We are all familiar with the human brain and the unique capacities and abilities it offers, being held as inspiration by those in the field of machine learning. In fact, one can argue that it is this inspiration that gave birth to the field or machine learning at all.
The human skill that inspired this paper and the research involved with it comes from the capacity of humans to substitute one sense for another (with enough training) in order to overcome fundamental challenges in reinforcement learning.
Basically, this skill:
Consider situations where inputs may be shuffled, reordered, come from systems where the input numbers may be variable and/or have noise added in the form of hidden inputs or extra unrelated or low-value inputs. We will discuss real-world applications for this below, but current state-of-the-art does not perform these tasks well in zero-shot scenarios - nor does it learn particularly well.
But people do. We can learn to ride a backward bicycle (see above), see with our tongue (as pictured above) and much more. We can do this by retraining our brains to accept as inputs, the sensors trained on another task.
Neural networks however, do not have neural plasticity. As the authors note, most reinforcement learning agents require that their inputs be in a pre-specified format and consistent. This is highly limiting.
To tackle this shortcoming, the authors explore a model in which their sensory neurons are left to self-organize in order to add meaning and context to the input signals.
One can think of this akin to a human learning to adapt a skill to another task.
For example, I may know to play blackjack but not poker. While I will need to learn a number of new skills to transition to the new game, I do already understand the fundamentals of card values and that they can work together towards achieving a goal.
I'll lose a lot of money in the learning poker, but I'm farther ahead than someone who has never played cards at all.
Important Terms And Concepts
Before we dive into the paper, there are concepts that are beneficial to understand. Once more I invite those familiar with ML terms and terminology to jump here.
For everyone else, let's first answer a few questions.
What Is A Policy In Machine Learning?
In machine learning, a policy is a formula based on the current environment, the possible set of actions, the probability that the action will result in a state change, and the reward function.

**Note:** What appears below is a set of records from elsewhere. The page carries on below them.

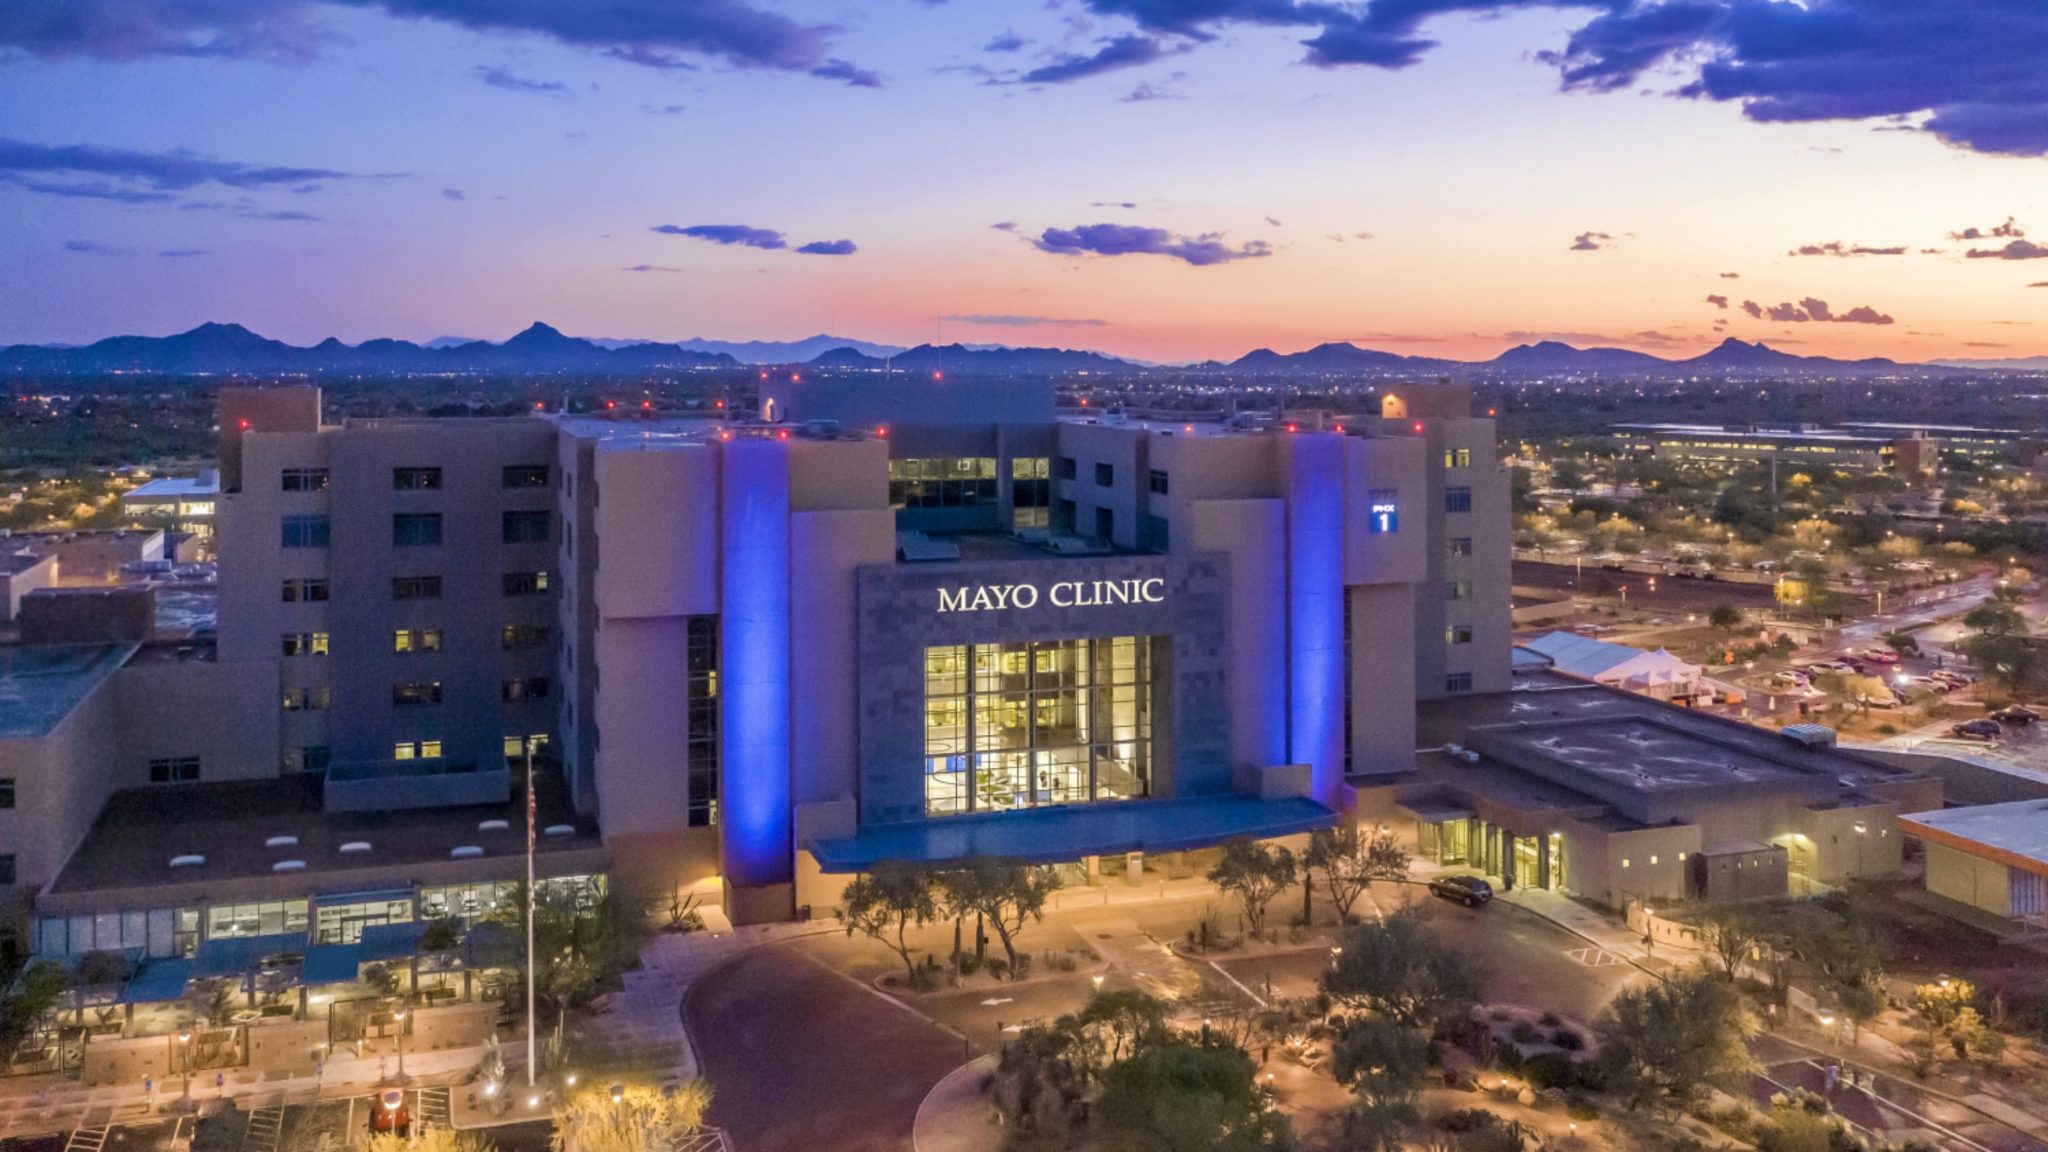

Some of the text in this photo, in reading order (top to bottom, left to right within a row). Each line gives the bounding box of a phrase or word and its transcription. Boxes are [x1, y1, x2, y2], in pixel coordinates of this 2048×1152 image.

[1380, 513, 1388, 531] 1
[936, 578, 1165, 613] MAYO CLINIC
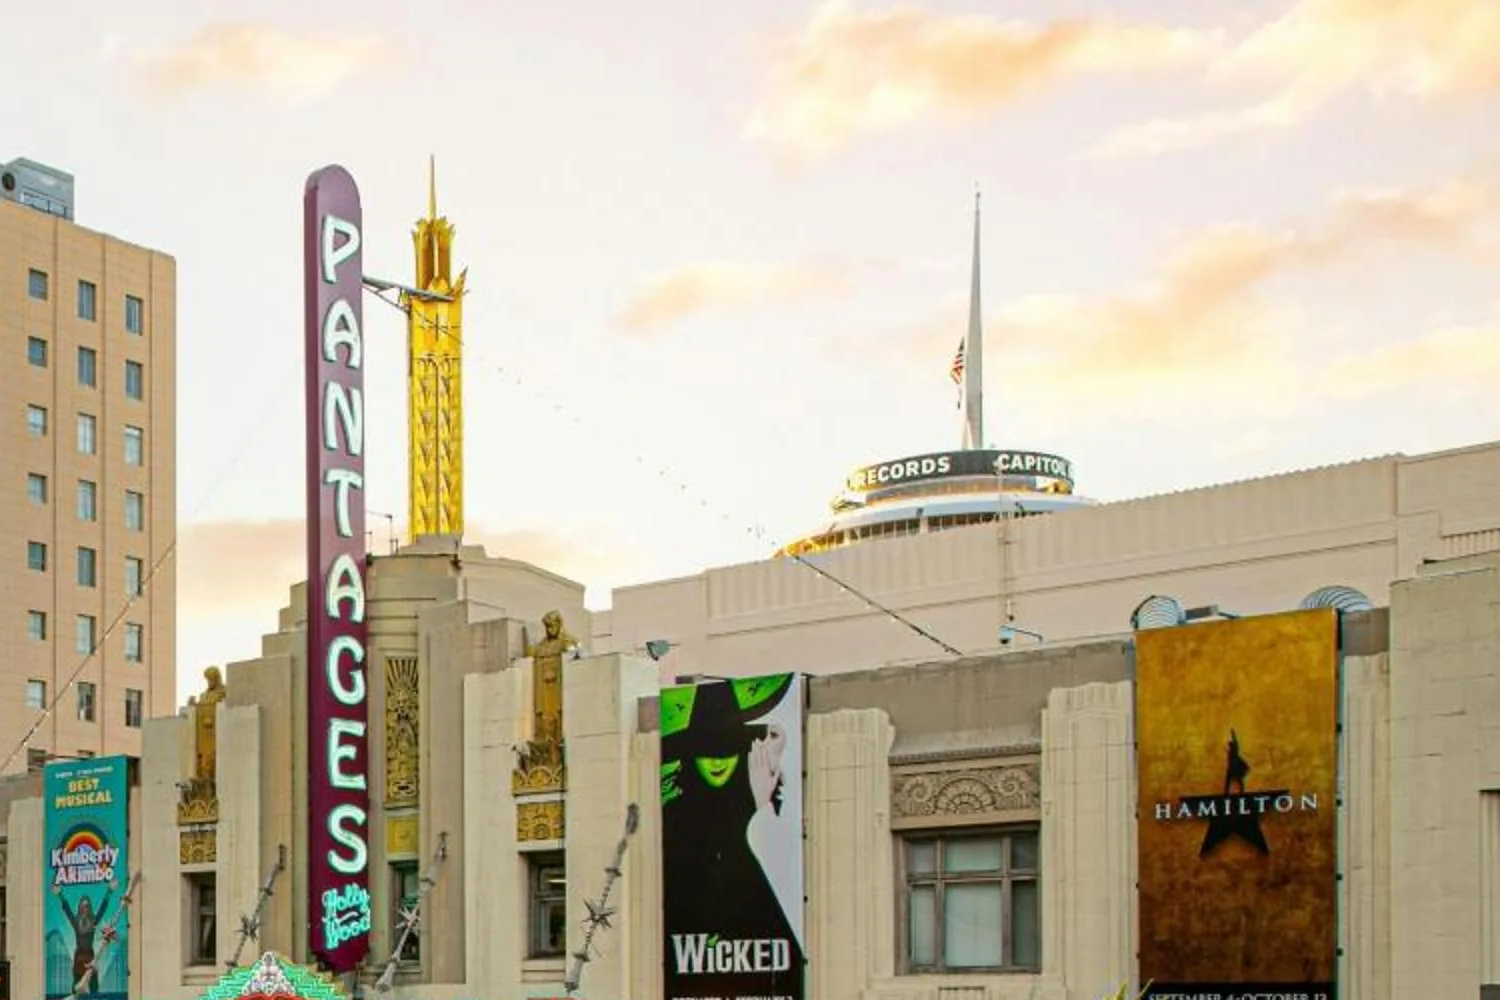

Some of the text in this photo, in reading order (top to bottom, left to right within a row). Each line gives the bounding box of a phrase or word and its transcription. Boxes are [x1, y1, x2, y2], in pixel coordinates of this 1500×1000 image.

[854, 456, 950, 487] RECORDS
[998, 453, 1068, 477] CAPITOL
[321, 214, 367, 874] PANTAGES
[68, 777, 100, 793] BEST
[55, 789, 113, 809] MUSICAL
[1155, 794, 1317, 820] HAMILTON
[51, 844, 120, 868] Kimberly
[55, 863, 116, 885] Akimbo

The policy is used to steer a model to the highest reward.
It is based on the Markov Decision Process.
What Is A Sensory Neuron?
In a neural network, a sensory neuron (or sensory input neuron) is a node which takes input from "the outside world" and after processing it through the activation function, passes the resulting value along.
What Is Permutation-Invariance?
Permutation-invariance in machine learning refers to a system in which reordering the inputs does not impact the output. Imagine shaking a box of puzzle pieces. They are reordered but will still produce the same finished product when assembled.
As we will see, permutation-invariance can add a great degree of resilience and flexibility to many machine learning tasks.
What Is Self-Organization?
Self-organization in neural networks, describes the ability of a self-supervised system to take local interactions between disorganized parts of itself, and create from that a coherent policy.
What Is Meta-Learning?
Meta-learning in neural networks refers to the approach of using a reward and/or error system to teach said system to solve problems outside its trained domain. Rather than looking directly at the data however, the system instead looks to the output of the algorithm and trains on making predictions based on that.
The Meat Of The Paper
As the authors describe the problem:
"Modern deep learning systems are generally unable to adapt to a sudden reordering of sensory inputs, unless the model is retrained, or if the user manually corrects the ordering of the inputs for the model."
This makes it far less useful in many implementations where the structure/format/number of inputs may be either unknown or variable.
We won't be going through the paper section-by-section, but there are two sections that are specifically notable and for ease of reference are covered individually. They are:
Section 3.1: A Mathematical Definition Of Permutation Invariance
In Section 3.1 we see the formula that makes it all work:
In essence, what we're seeing here is that when a function is applied to the input (a list of tokens), where that input has permutations (s) the result is the same as when the permutation is not applied.
The formula represents the mathematical definition of permutation invariance.
Section 3.2: The Magic
While there is a lot to be taken from much of the paper, section 3.2 got the simple scribbled "magic" in the margin.

It is here that we see the addition of the AttentionNeuron, as well as the methods outlined that the system is based on.
Better than any written description is their Figure 2.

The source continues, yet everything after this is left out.